Me too, of course - but at times, especially when using M$ stuff .... ;)

> But if the cataclysm does happen, is it wrong to try to take advantage
> of it? Ernie? Adam?

Depends on who's left on the Planet to judge your actions ...

> duck once noted, some time back, that sometimes people have to die for
> progress to be made (very badly paraphrased - apologies duck). It was in
> the 'Algonquin bears' thread. So, maybe a Y2K crash might be God's way
> (oh boy, now I'm in trouble) of letting us 'start over'? Like Noah's flood?
> Yikes. I better bail out.

8-)

> Cool that a thread which started from a duck post on smoking, with a PS
> on Y2K, is now back to duck :-)

Ping - pong - ping.

> One other subject I wanted to bring up - this one addressed primarily
> to Rohit - deals with the front end/back end business. I noted
> that common practice is to build 2-tier or 3-tier architectures with
> the front end being GUI, OOUI, Web, Java, CORBA, whatever cool stuff
> is out. But the backend is sacrosanct datacenter stuff.
>
> Now, the 'object revolution' I preach is the peering of all that. All
> the clients==servers==peers. Note that the web is about peers - for all
> of its c/s http underpinnings, what makes it powerful & scalable is its peer
> nature - all documents link to all other documents.

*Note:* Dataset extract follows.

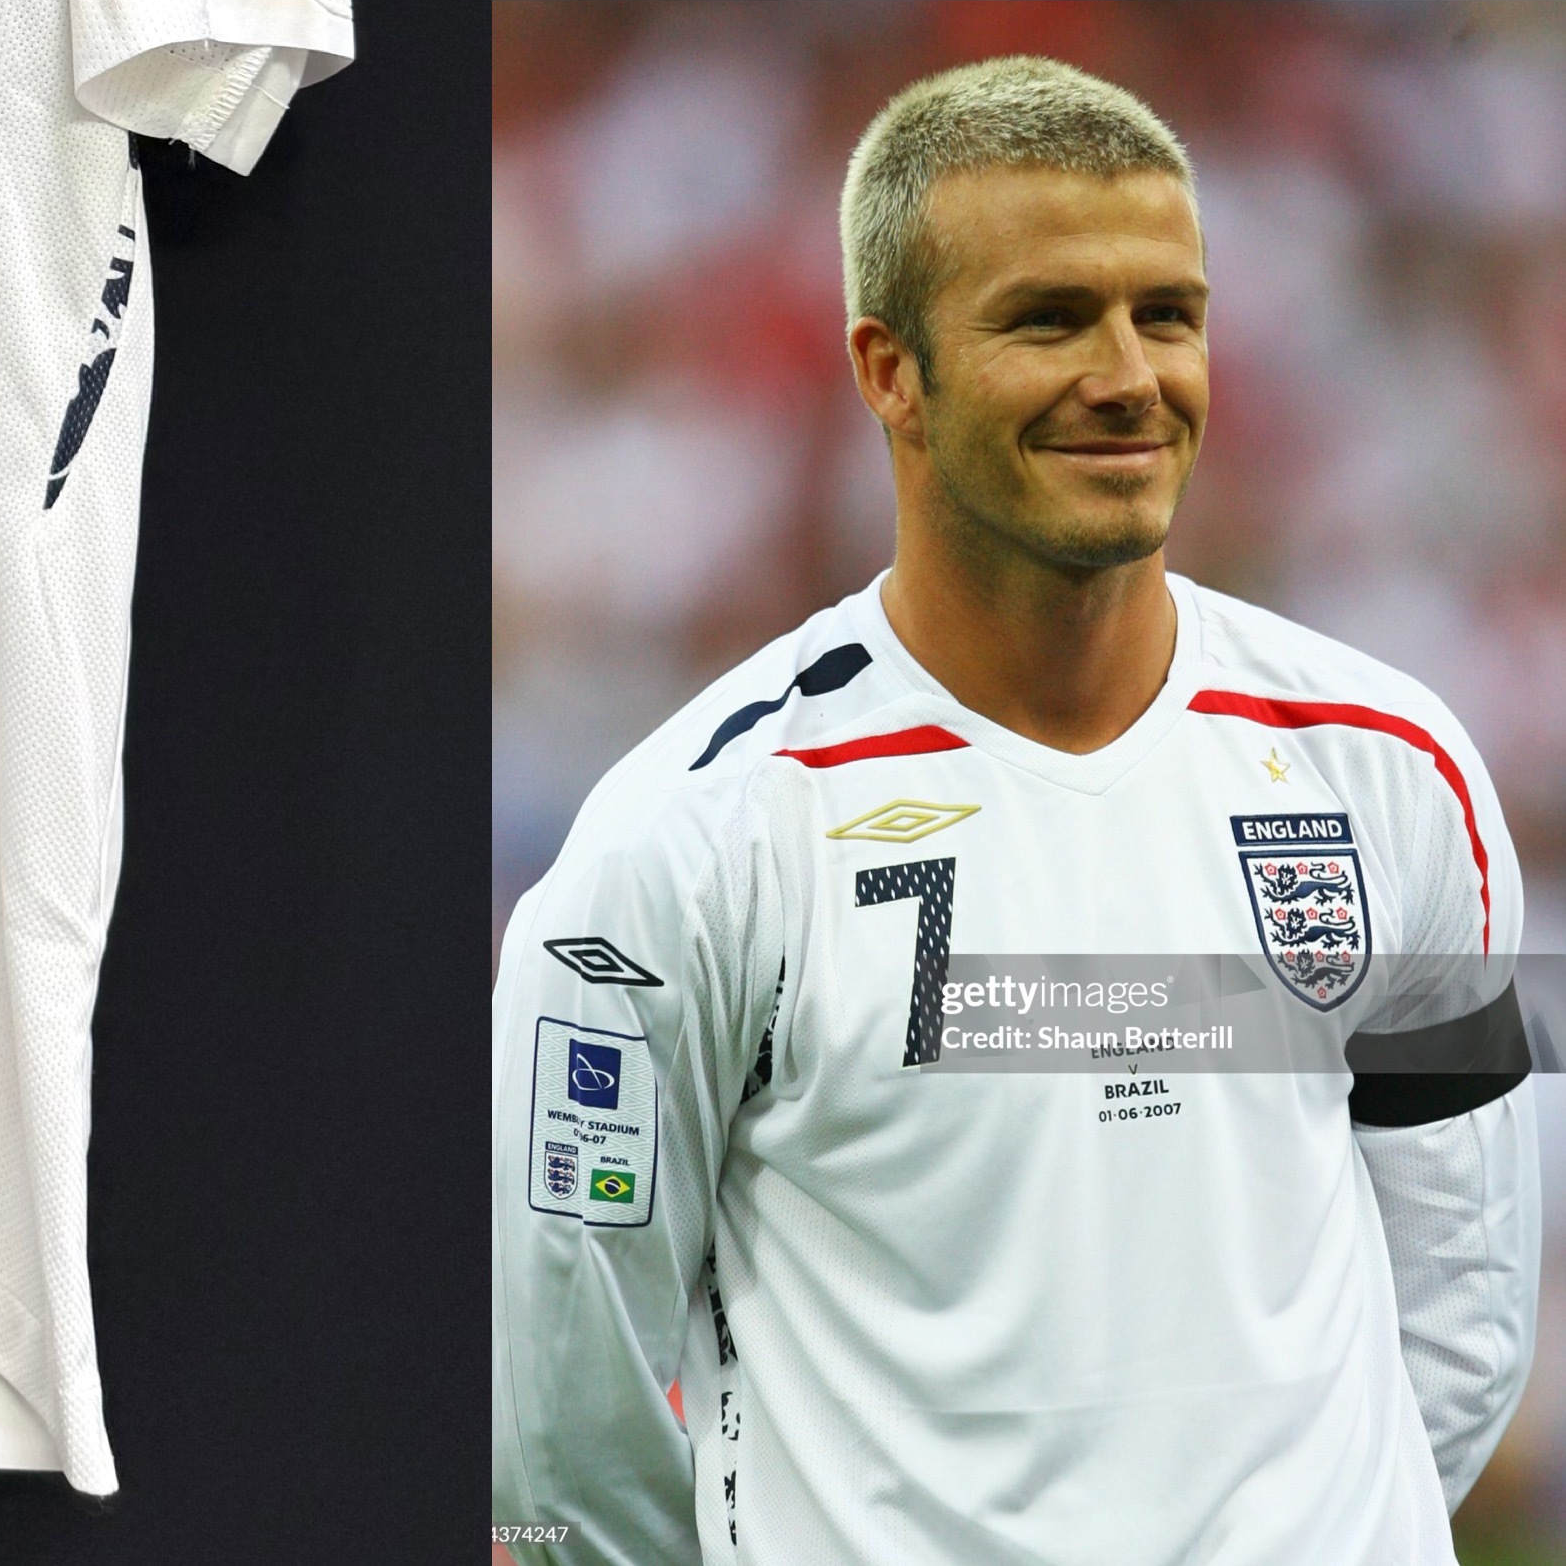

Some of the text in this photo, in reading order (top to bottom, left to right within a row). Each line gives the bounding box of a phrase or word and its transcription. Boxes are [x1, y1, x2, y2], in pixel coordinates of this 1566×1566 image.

There is no root.
>
> But the *business* usage of the web maintains the tiered asymmetry. The
> backends are still there. The're not 'munchkinized' or 'document-ized'. The
> revolution isn't complete - the evil 3-tier still lives.
>
> And I think that's what troubles me in your Church of Objectology piece.
> Yes, the web is probably gonna smother us object-weenies just by its
> sheer mass. But is that a good thing? Is that really
> the revolution we want? Does that really end the legacy nightmare
> Sandor & I have been discussing? If it's all cgi's to Oracle stored procedures,
> where's munchkins in that? Where's all your neat 'physics alcove' ideas?
> The 'Magic Eye Shroud slapped on a web page' doesn't sound like it fits
> to the real revolution. The database behind all those part catalogs is
> still-a database. On a server. In a datacenter. Am I missing something?

Nope. It's sad but true :(

Sandor

--
ir A.G.L. Spruit, Utrecht University, the Netherlands
"...just another village, burning in the hills,
 Saw it on the tv, just another thrill,
 Someone else's problem, someone else's grief..."
(from Fish, "The perception of Johnny Punter")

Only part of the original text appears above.